A 2 hr oral glucose tolerance test will identify more women at risk for type 2 diabetes when screening postpartum in gestational diabetics.

A 2 hr oral glucose tolerance test will identify more women at risk for type 2 diabetes when screening postpartum in gestational diabetics.
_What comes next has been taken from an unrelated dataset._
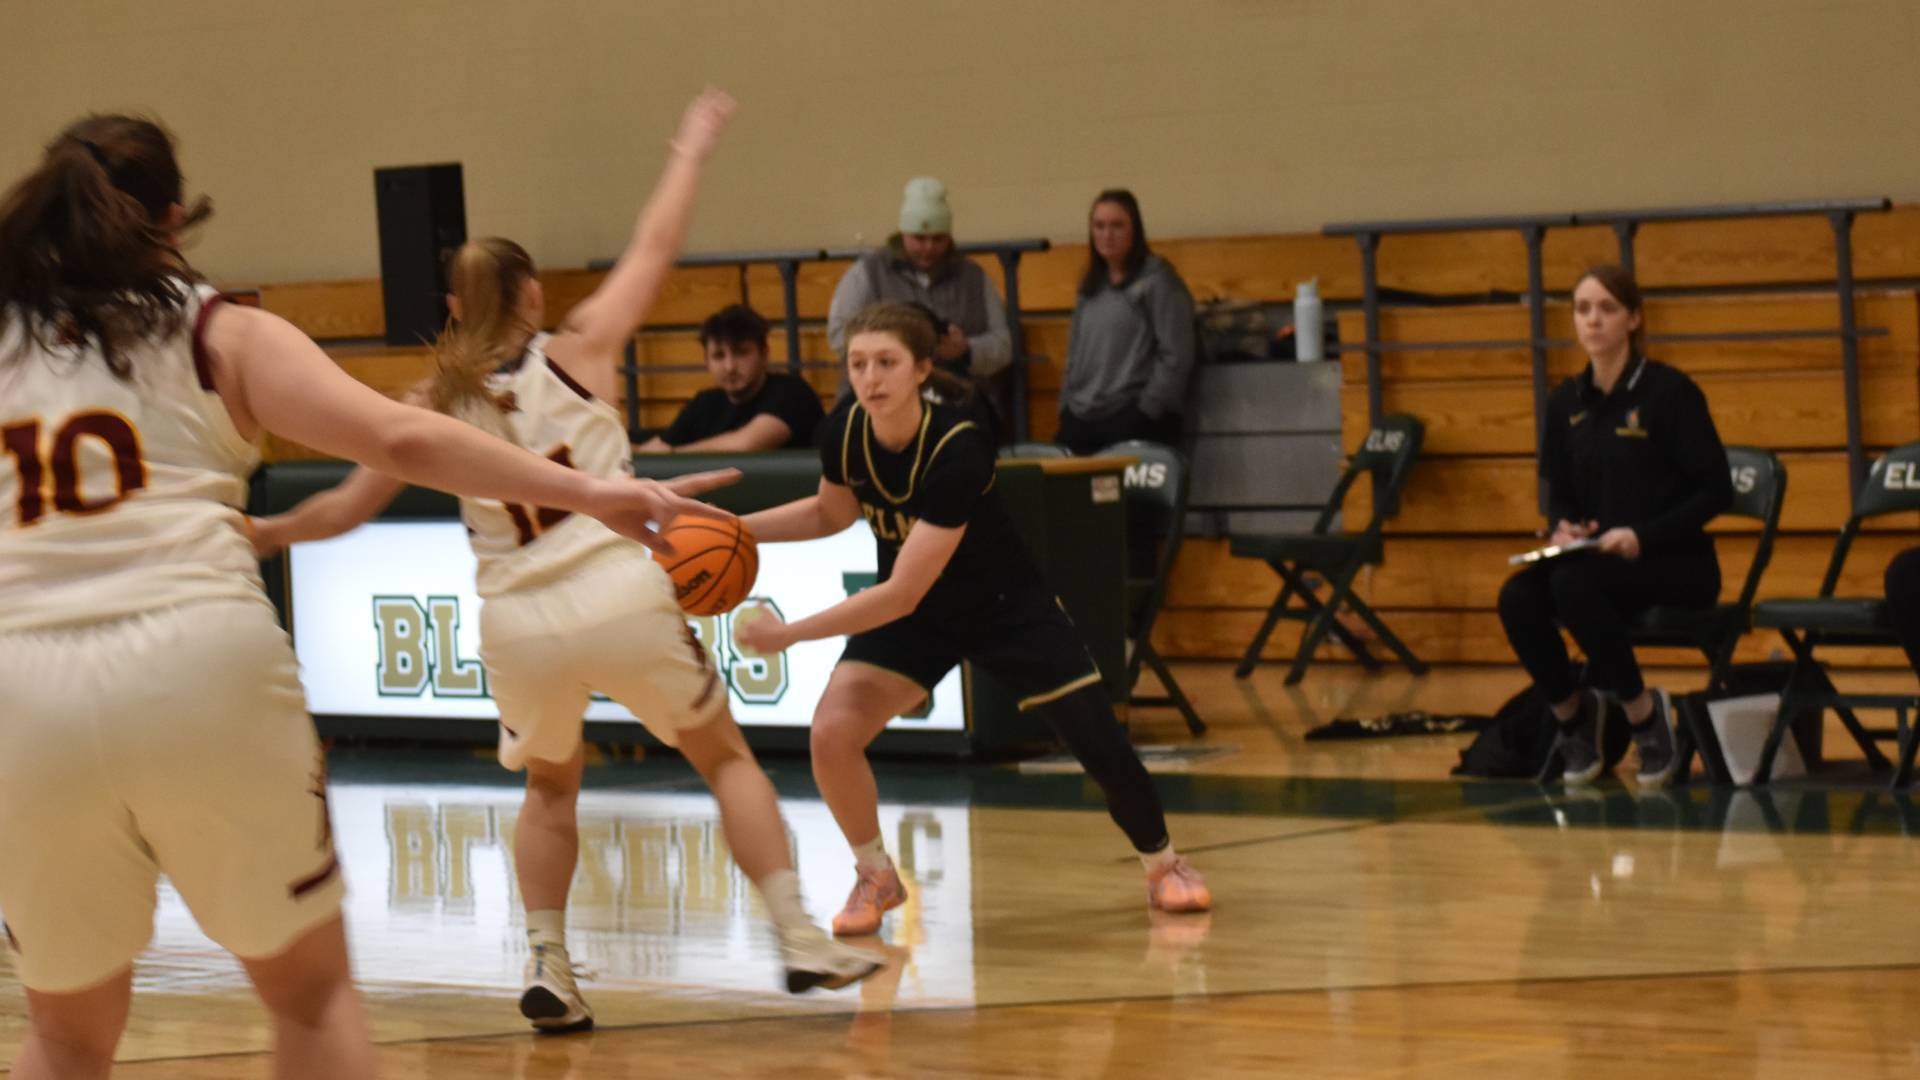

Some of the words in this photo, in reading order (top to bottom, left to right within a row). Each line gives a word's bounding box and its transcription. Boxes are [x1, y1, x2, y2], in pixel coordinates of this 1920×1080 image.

Heather D. Clark*, Alan Karovitch, Erin J Keely, Departments of Medicine and Obstetrics/Gynecology, University of Ottawa, Ottawa ON The CDA 2003 Clinical Practice guidelines recommends screening women with gestational diabetes (GDM) in the first 6 months postpartum for type 2 Diabetes Mellitus (T2DM) with a 2 hour 75 g oral glucose tolerance test (2 hr GTT) as a fasting glucose may lead to under-diagnosis of T2DM (Grade D, consensus) and can not identify impaired glucose tolerance (IGT). We performed a randomized controlled trial evaluating the effect of postal reminders on screening rates in women with GDM. All women from this cohort who completed a 2 hr GTT were included. We determined the rates of impaired fasting glucose (IFG) and T2DM diagnosed by a fasting glucose and IGT and T2DM diagnosed by a 2 hr GTT. Of the 428 patients 156 women completed a 2 hr GTT. 20/156 (12.8%) were diagnosed with IFG, 27/156 (17.3%) were diagnosed with IGT and 4/156 (2.6%) were diagnosed with both. 3/156 (1.9%) women were diagnosed with T2DM by a fasting glucose and 8/156 (5.1%) were diagnosed based on the 2 hr glucose result only. If a two step testing strategy was utilized (i.e. only women with fasting glucose >5.6 mmol/L screened with 2 hr GTT ) 15/27 (56%) of women with IGT and 3/11 (27%) of women with T2DM would be missed. In summary, we found if women were screened postpartum with a fasting glucose alone or a two step screening strategy miss a substantial proportion of women with IGT and T2DM, were missed supporting the CDA recommendations.